For images simply stored in a folder, you can use the ImageDataset class. The most basic usage is to simply provide the path to the folder containing the images. The images will be loaded automatically and the labels will be inferred from the folder structure. For example, if you have the following folder structure:

root
├── class1
│   ├── img1.jpg
│   ├── img2.jpg
│   └── img3.jpg
└── class2
    ├── img1.jpg
    ├── img2.jpg
    └── img3.jpg

Then the ImageDataset will automatically load all images and assign the labels class1 and class2 to the images in the respective folders. Example usage:

from thingsvision.utils.data import ImageDataset

# load extractor beforehand
extractor = ...

dataset = ImageDataset(
    root='path/to/root/img/directory' # (e.g., './root/')
    out_path='path/to/features',
    backend=extractor.get_backend(),
    transforms=extractor.get_transformations()
)

To later assign images to extracted features, the matching is written into file_names.txt in the out_path directory. This file contains the image file names in the order of the extracted features.

Note that an image transformation and extractor backend has to be provided to the ImageDataset class. This is because the images are loaded in the ImageDataset class and then passed to the extractor. The extractor expects the images to be preprocessed in a certain way, which is why the transformation is provided by the extractor, but you can also provide your own transformation.

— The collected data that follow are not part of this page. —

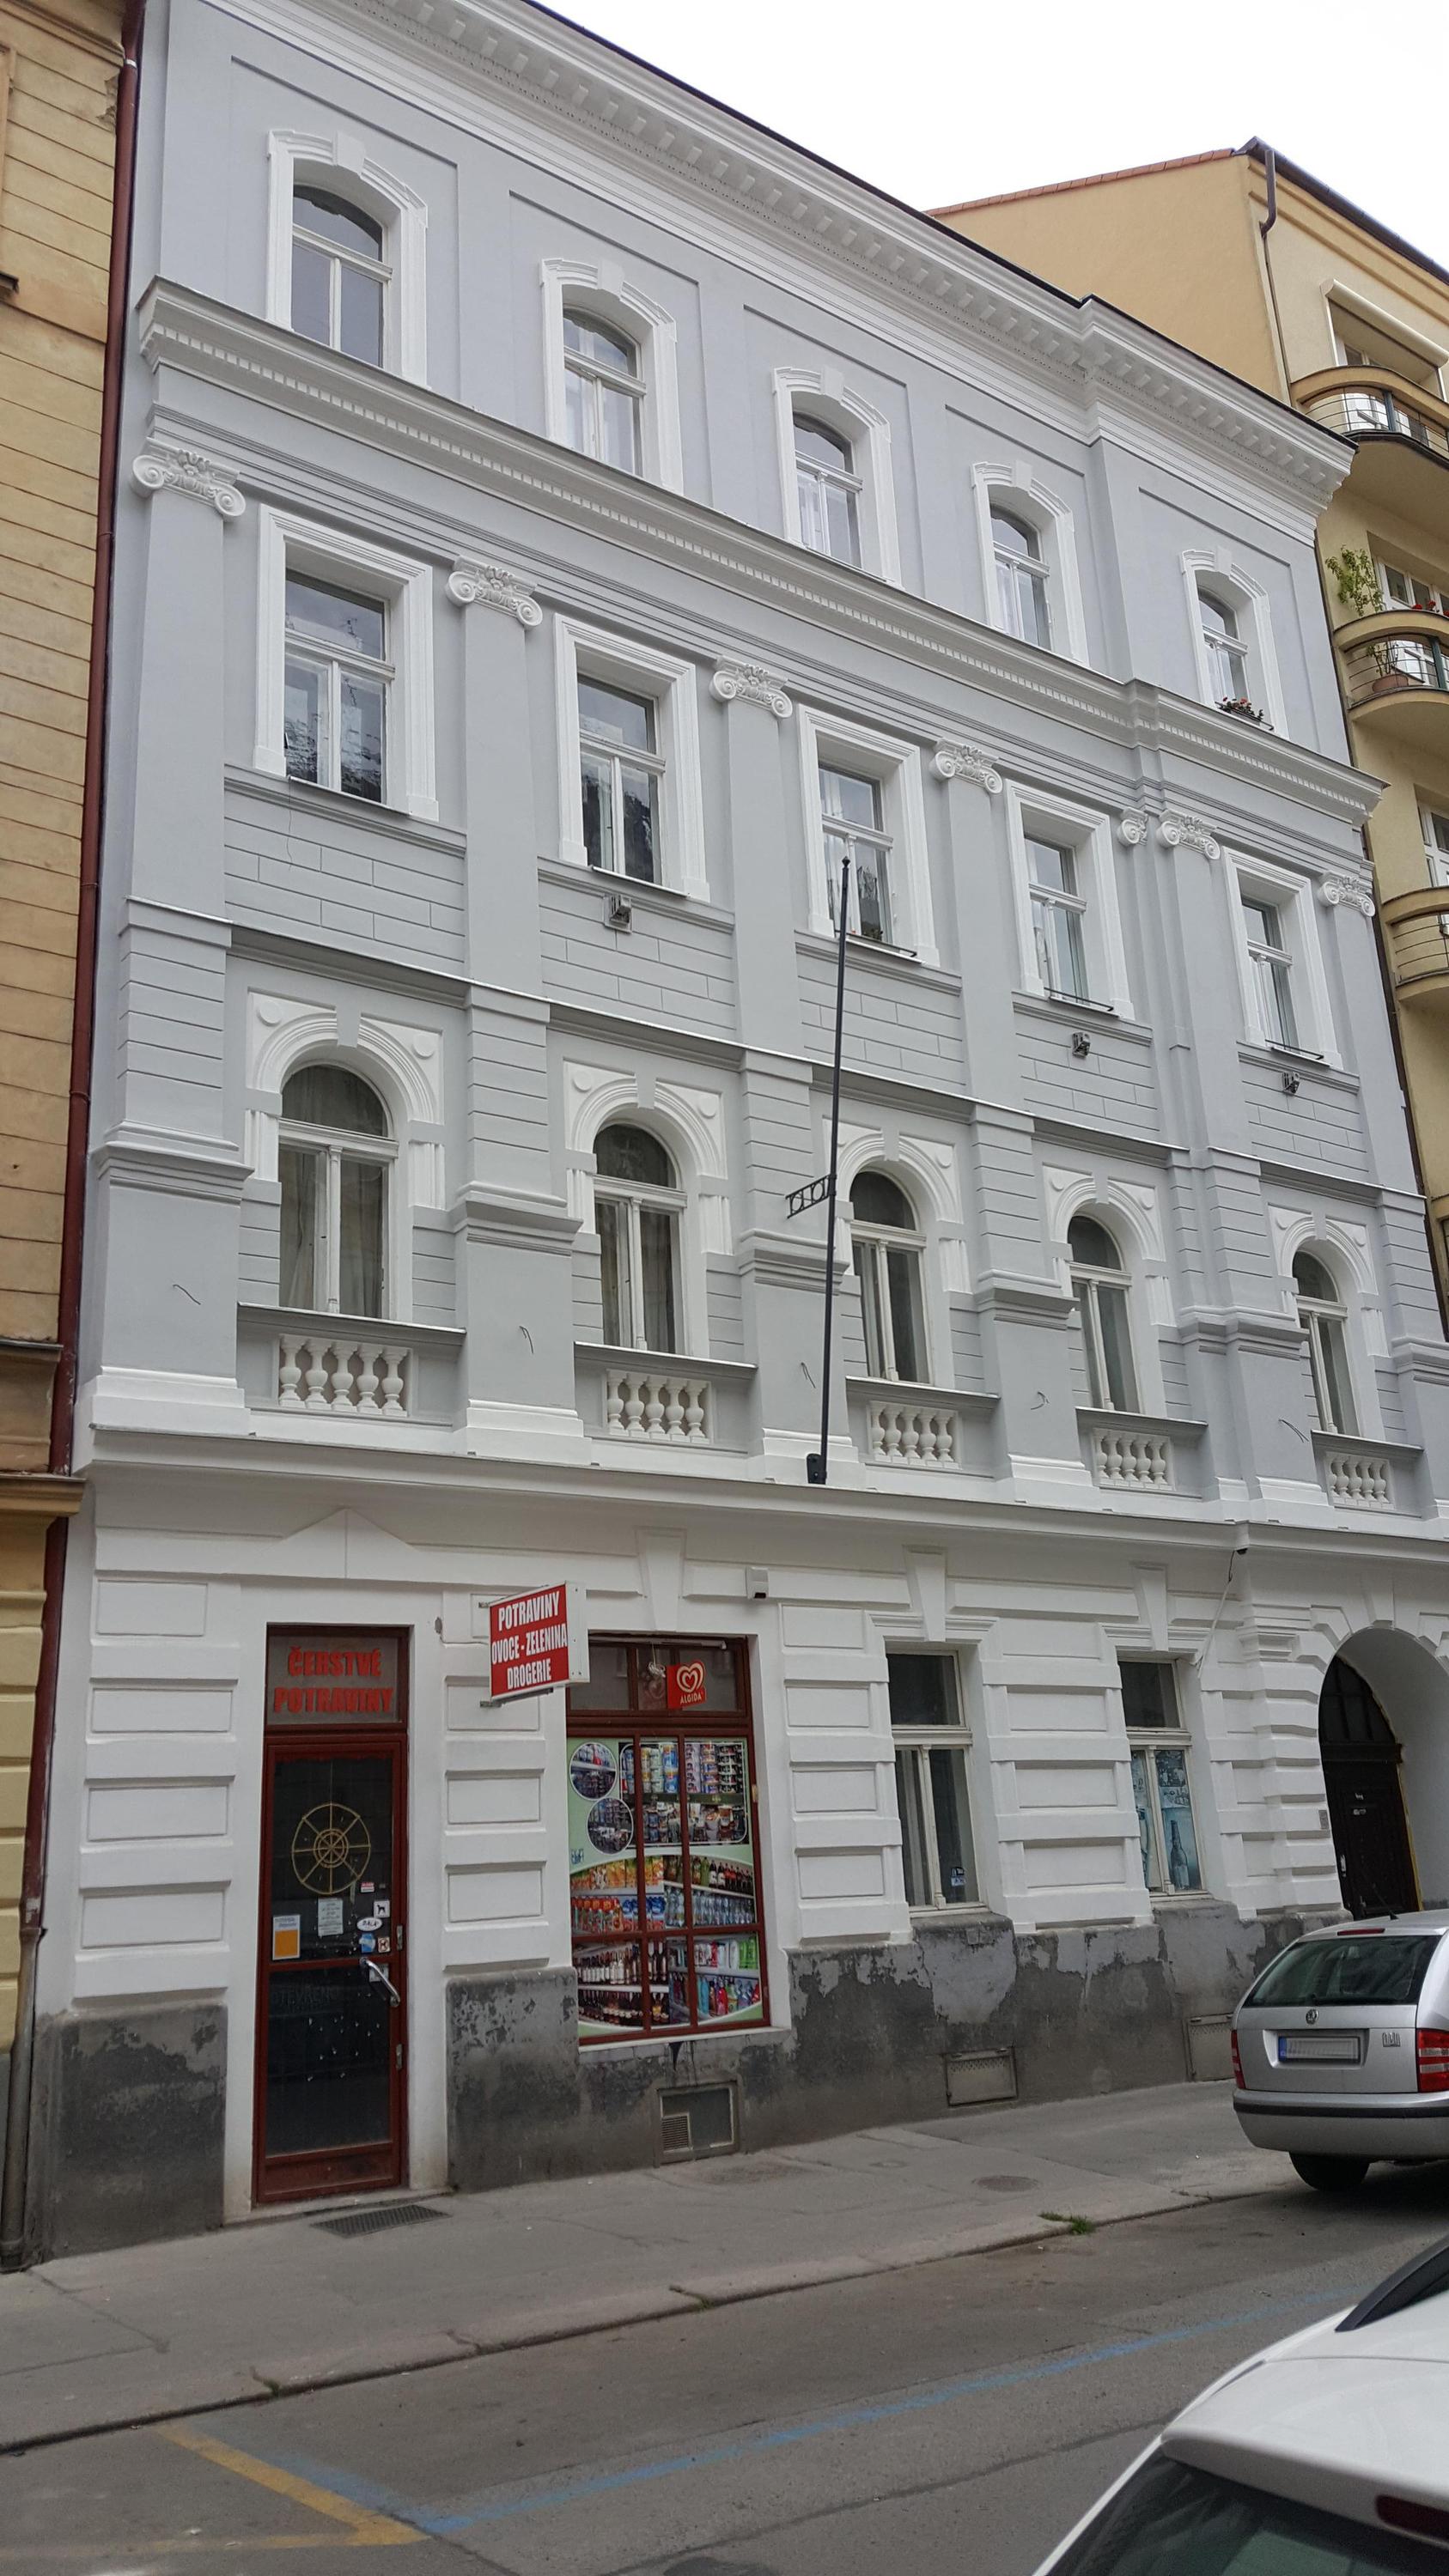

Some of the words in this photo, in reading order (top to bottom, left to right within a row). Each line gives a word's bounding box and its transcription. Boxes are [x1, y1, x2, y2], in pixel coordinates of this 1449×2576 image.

[498, 1590, 560, 1631] POTRAVINY
[491, 1635, 520, 1665] OVOCE
[526, 1623, 568, 1656] ZELENINA
[507, 1658, 551, 1690] DROGERIE
[274, 1687, 393, 1713] POTRAVINY
[680, 1692, 702, 1705] ALGIDA
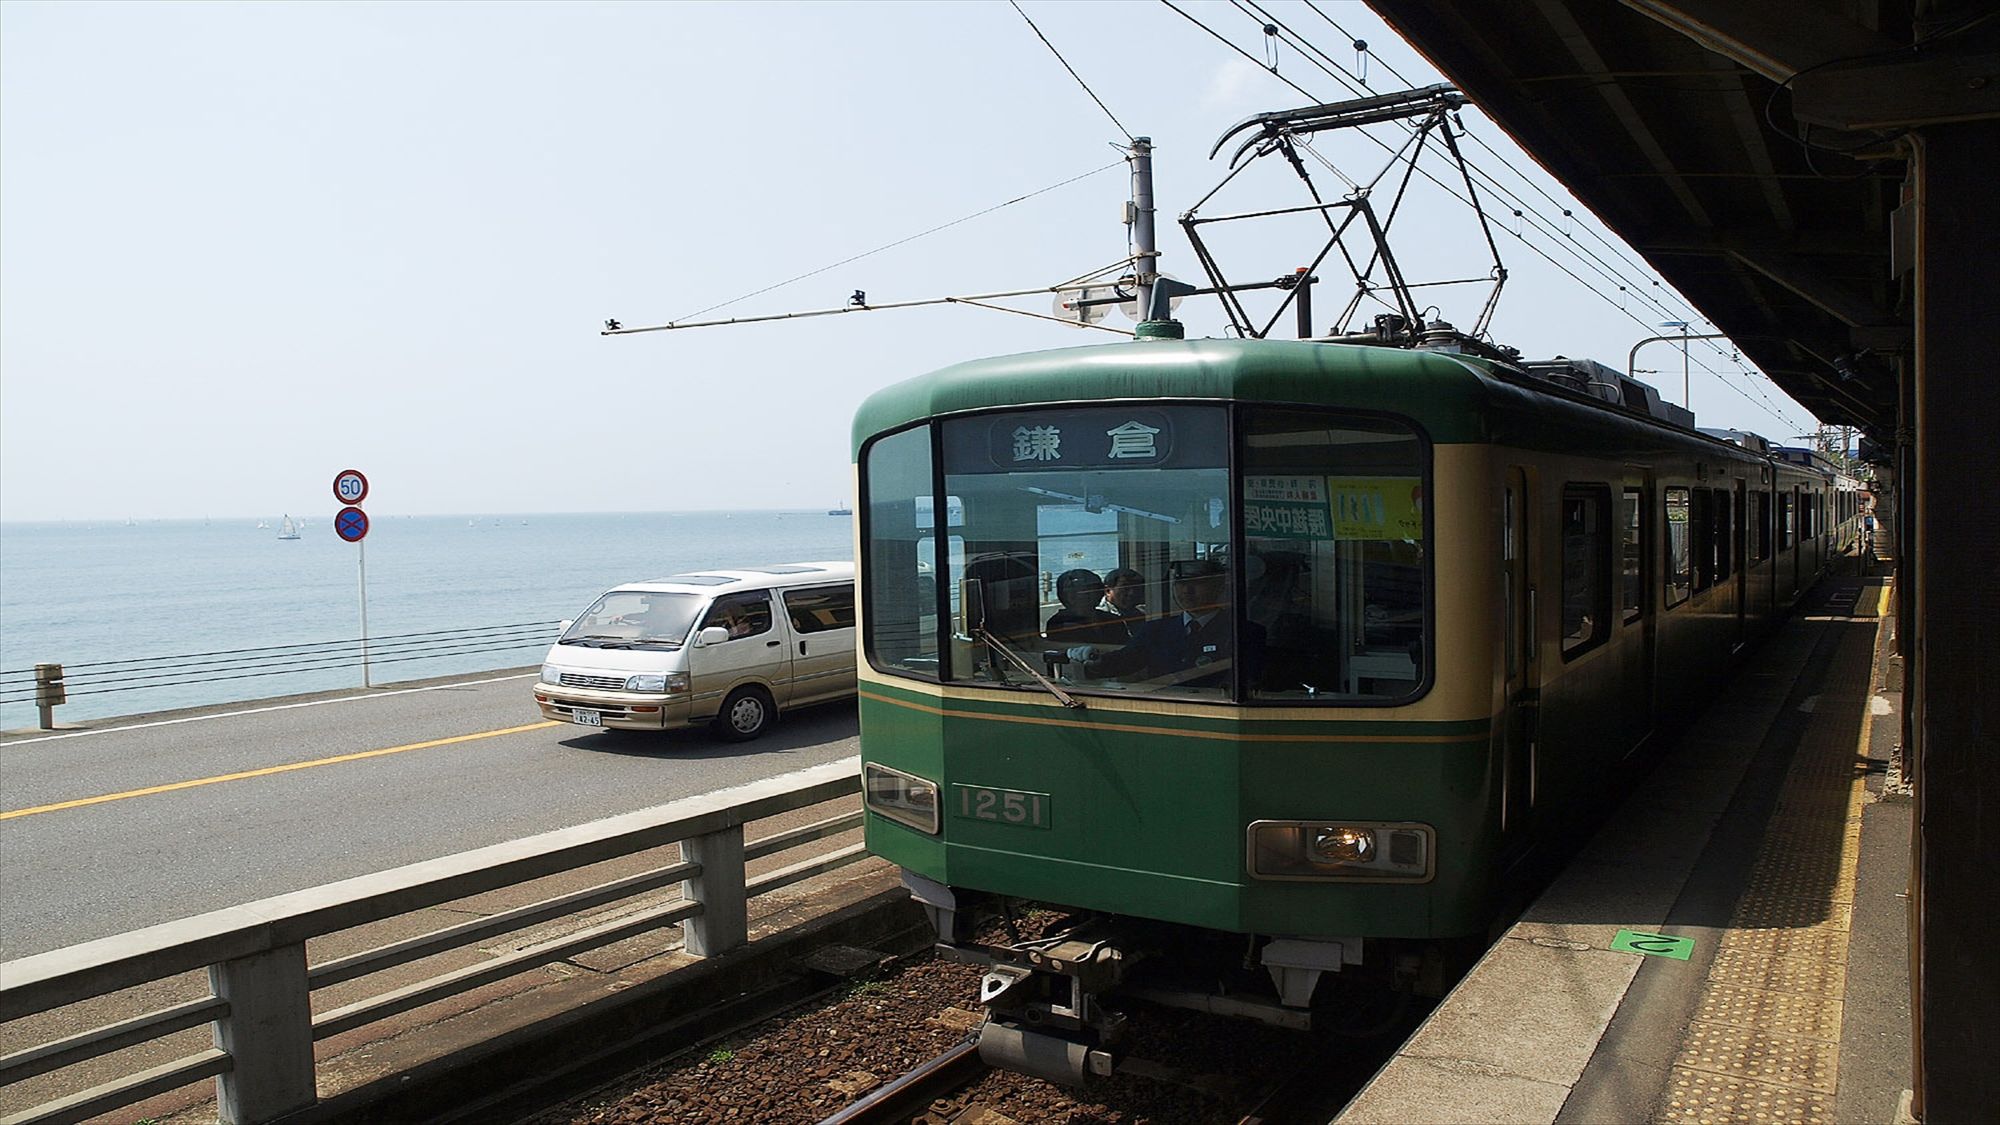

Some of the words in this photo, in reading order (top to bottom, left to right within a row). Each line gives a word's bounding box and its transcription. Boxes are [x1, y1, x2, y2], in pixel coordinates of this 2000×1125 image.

[1012, 420, 1161, 462] 鎌倉
[340, 479, 361, 496] 50
[961, 787, 1040, 825] 1251
[1629, 933, 1681, 953] 2
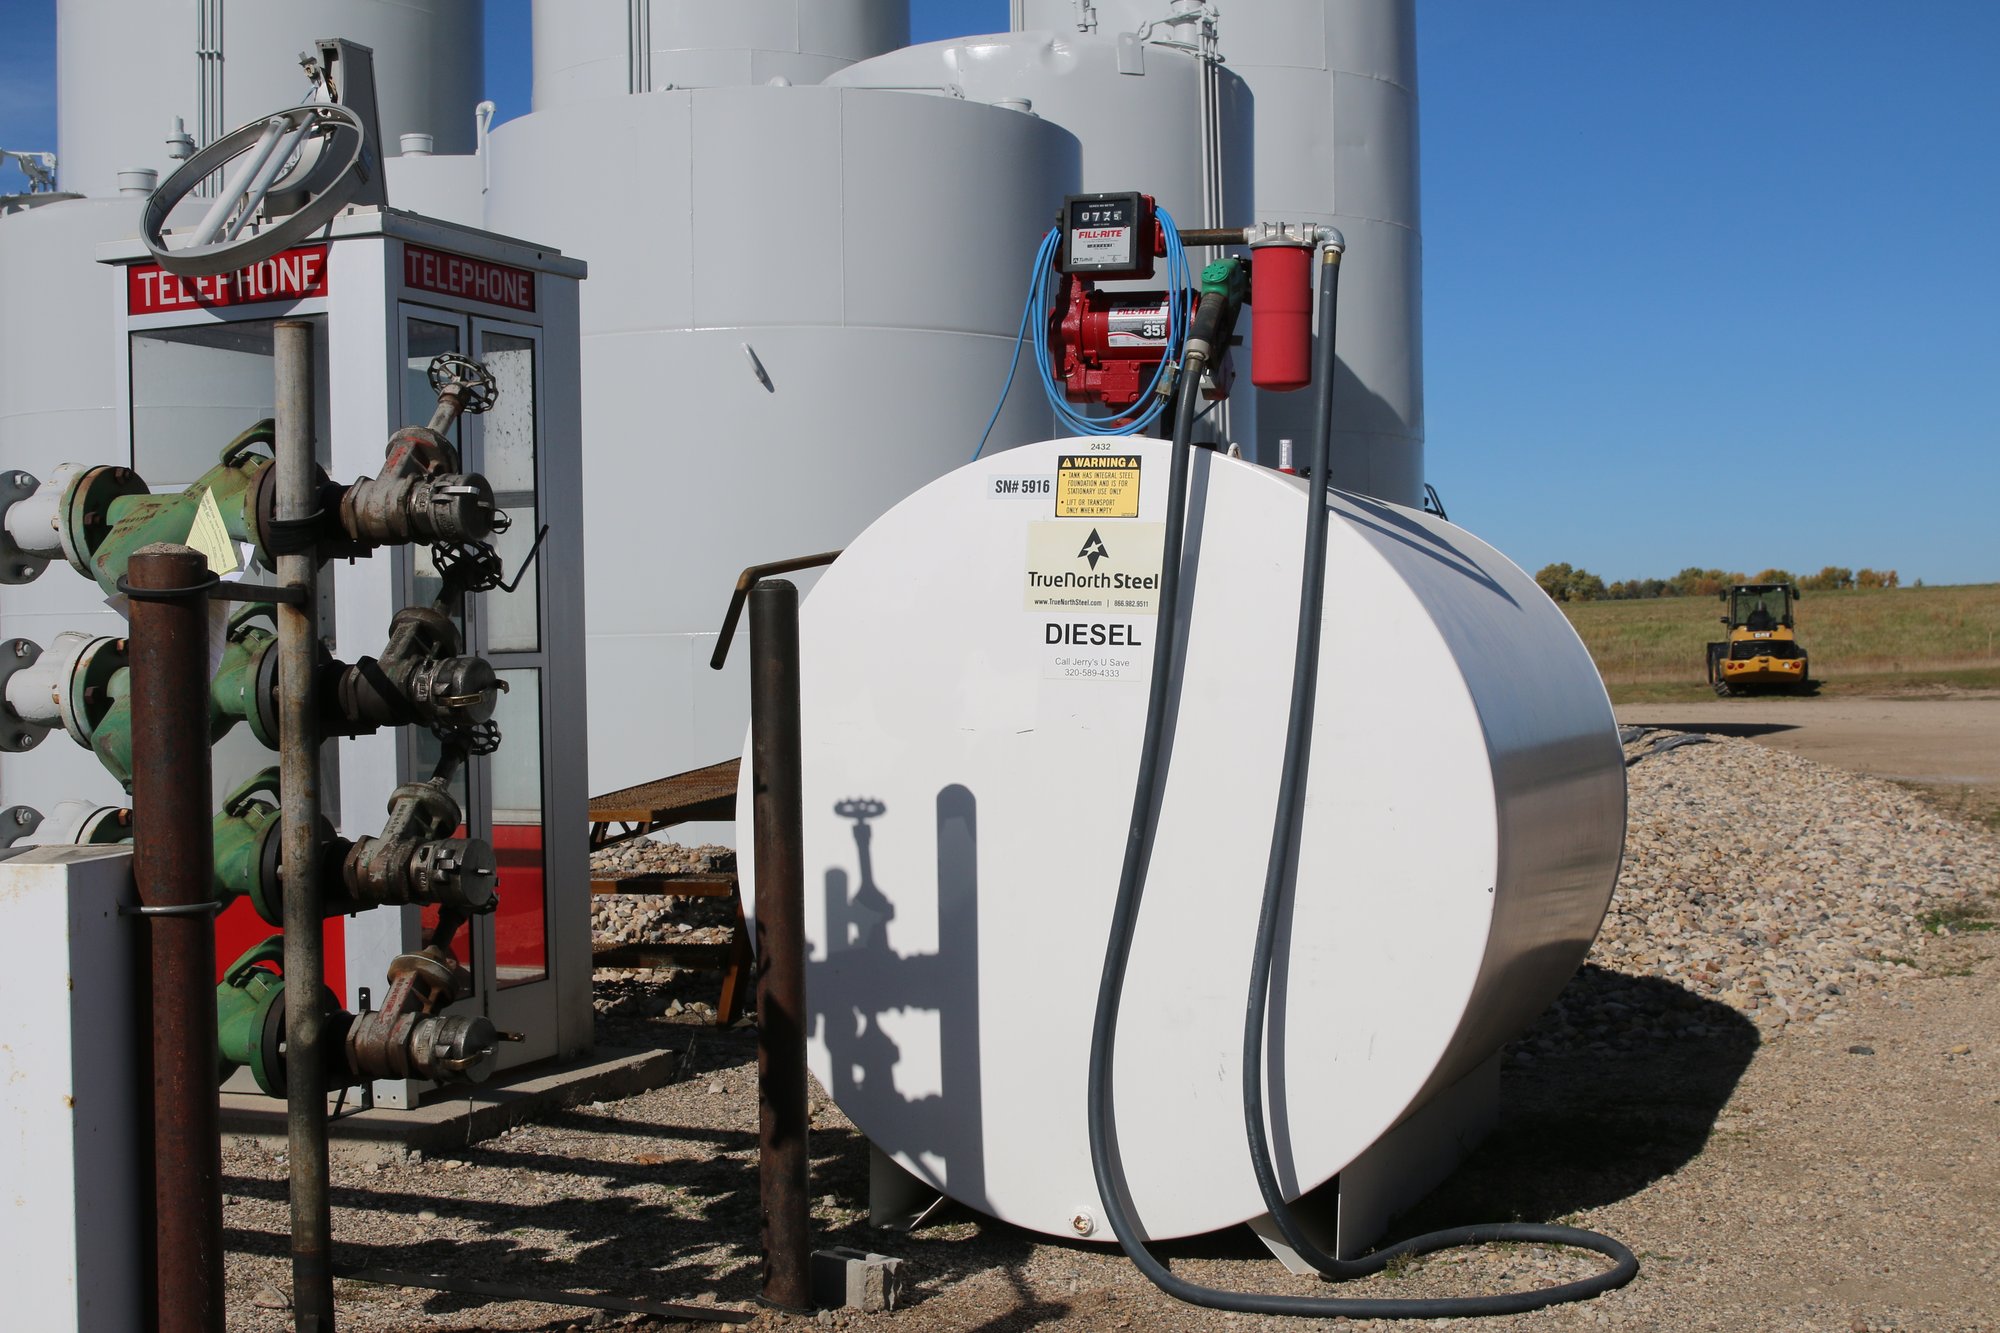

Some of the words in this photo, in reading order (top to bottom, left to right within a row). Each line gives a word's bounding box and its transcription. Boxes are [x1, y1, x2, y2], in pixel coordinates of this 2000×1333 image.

Using the HDF5Dataset class

Some image datasets (notably the NSD stimuli) are stored in HDF5 files. To load such a dataset, you can use the HDF5Dataset class. The most basic usage is to simply provide the path to the HDF5 file and the key of the image dataset in the HDF5 file. Example usage:

from thingsvision.utils.data import HDF5Dataset

# load extractor beforehand
extractor = ...

dataset = HDF5Dataset(
    hdf5_fp='path/to/hdf5/file' # (e.g., './nsd_stimuli.hdf5')
    img_ds_key='imgBrick',
    out_path='path/to/features',
    backend=extractor.get_backend(),
    transforms=extractor.get_transformations()
)

Features are extracted in the order of the images in the HDF5 file.

Note, that you can also provide img_indices to the HDF5Dataset class. This is a list of indices of the images in the HDF5 file that should be loaded. This can be useful if you want to load only a subset of the images in the HDF5 file.